## Working data
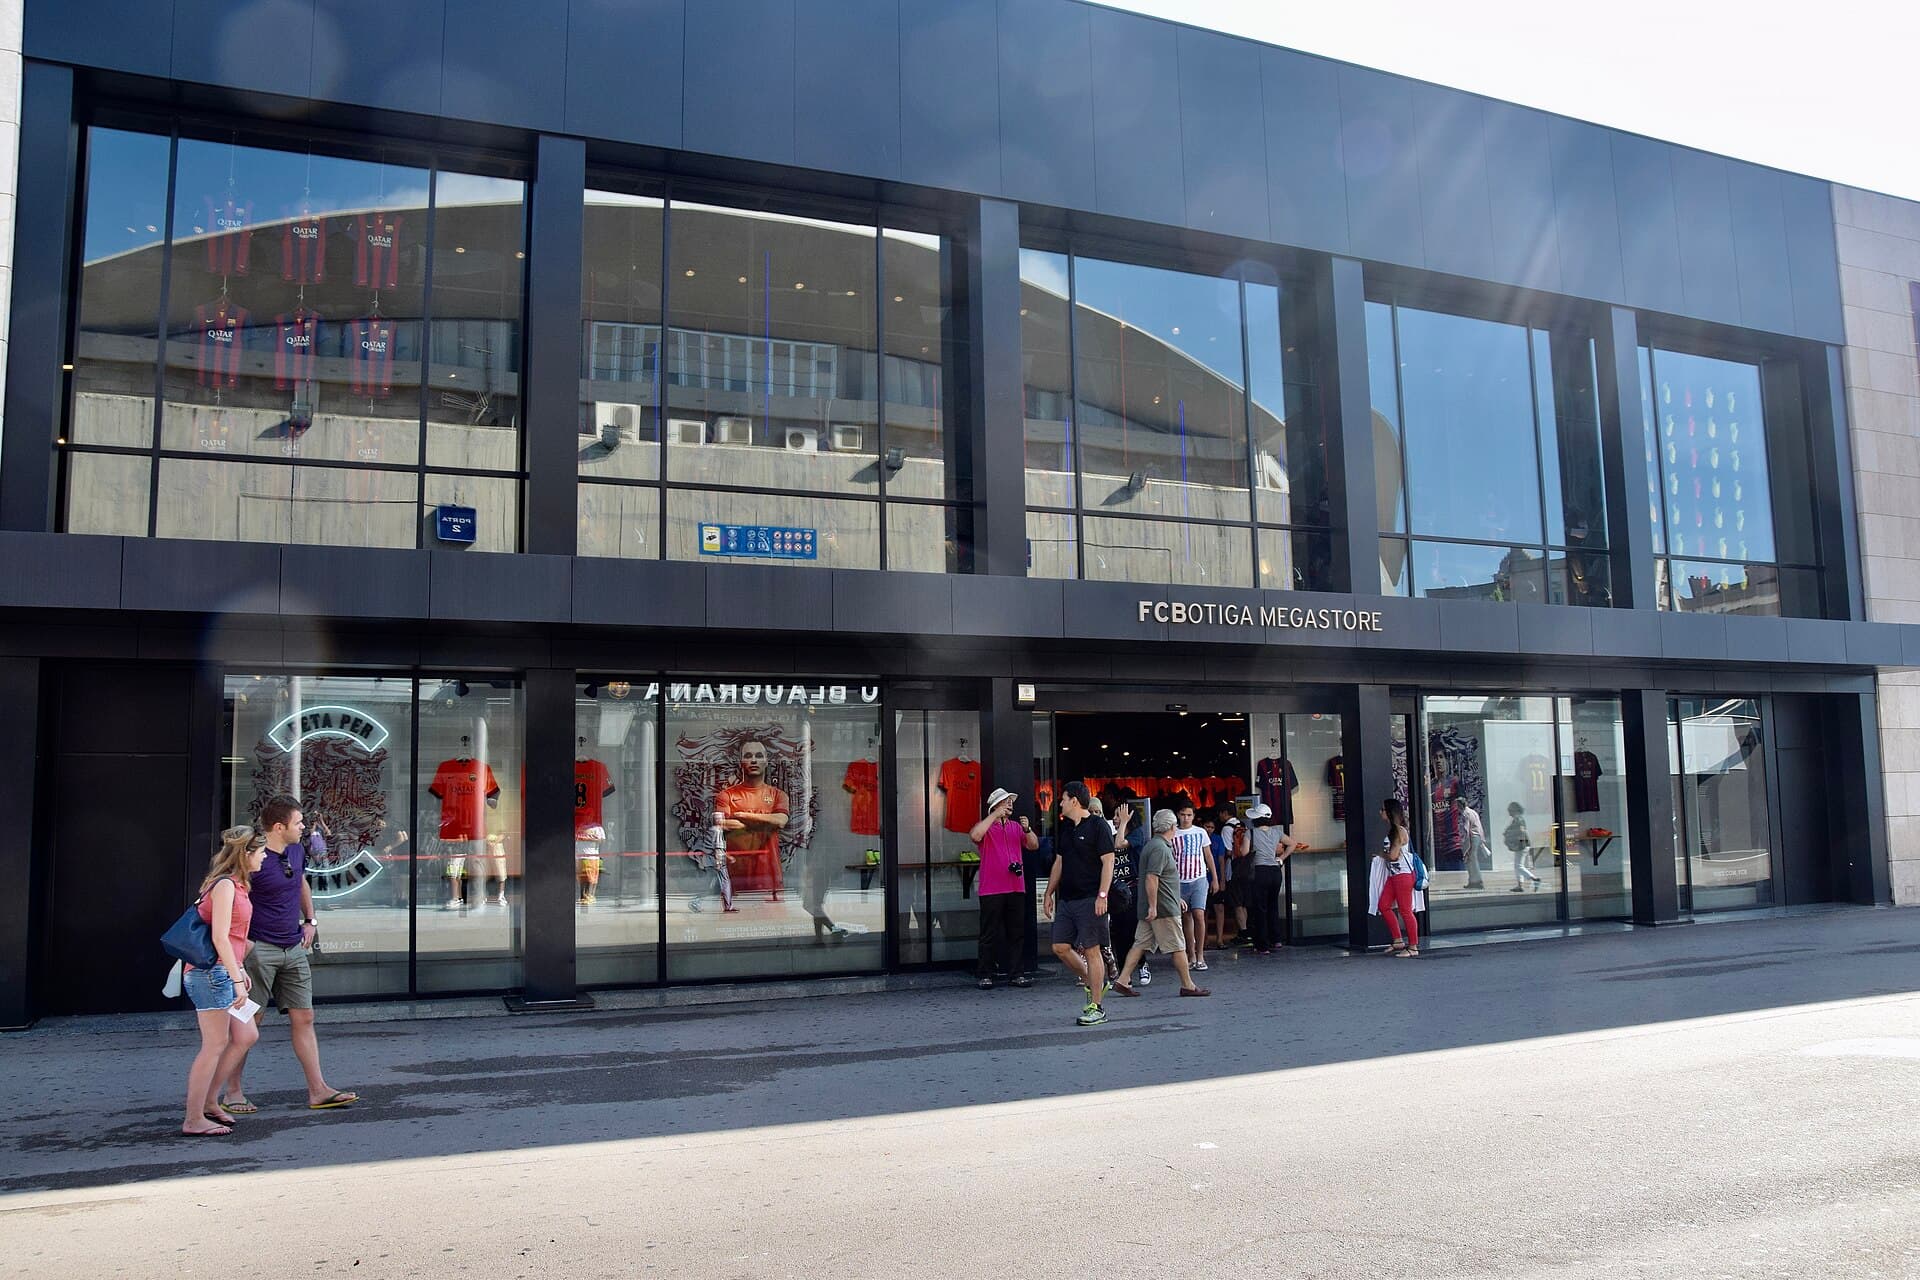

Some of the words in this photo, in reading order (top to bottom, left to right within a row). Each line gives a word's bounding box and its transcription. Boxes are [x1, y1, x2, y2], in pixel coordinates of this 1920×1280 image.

[217, 218, 242, 227] QATAR
[292, 226, 319, 235] QATAR
[367, 234, 392, 244] QATAR
[207, 329, 233, 339] QATAR
[286, 335, 311, 345] QATAR
[361, 340, 387, 350] QATAR
[1138, 600, 1254, 626] FCBOTIGA
[1260, 606, 1384, 632] MEGASTORE
[339, 713, 375, 739] PER
[575, 783, 587, 808] 8

## About this exercise
Word for word, return the records shown above without their pictures.

## Reply to the exercise
Some of the words in this photo, in reading order (top to bottom, left to right within a row). Each line gives a word's bounding box and its transcription. Boxes are [x1, y1, x2, y2], in pixel coordinates of this 1920×1280 image.

[217, 218, 242, 227] QATAR
[292, 226, 319, 235] QATAR
[367, 234, 392, 244] QATAR
[207, 329, 233, 339] QATAR
[286, 335, 311, 345] QATAR
[361, 340, 387, 350] QATAR
[1138, 600, 1254, 626] FCBOTIGA
[1260, 606, 1384, 632] MEGASTORE
[339, 713, 375, 739] PER
[575, 783, 587, 808] 8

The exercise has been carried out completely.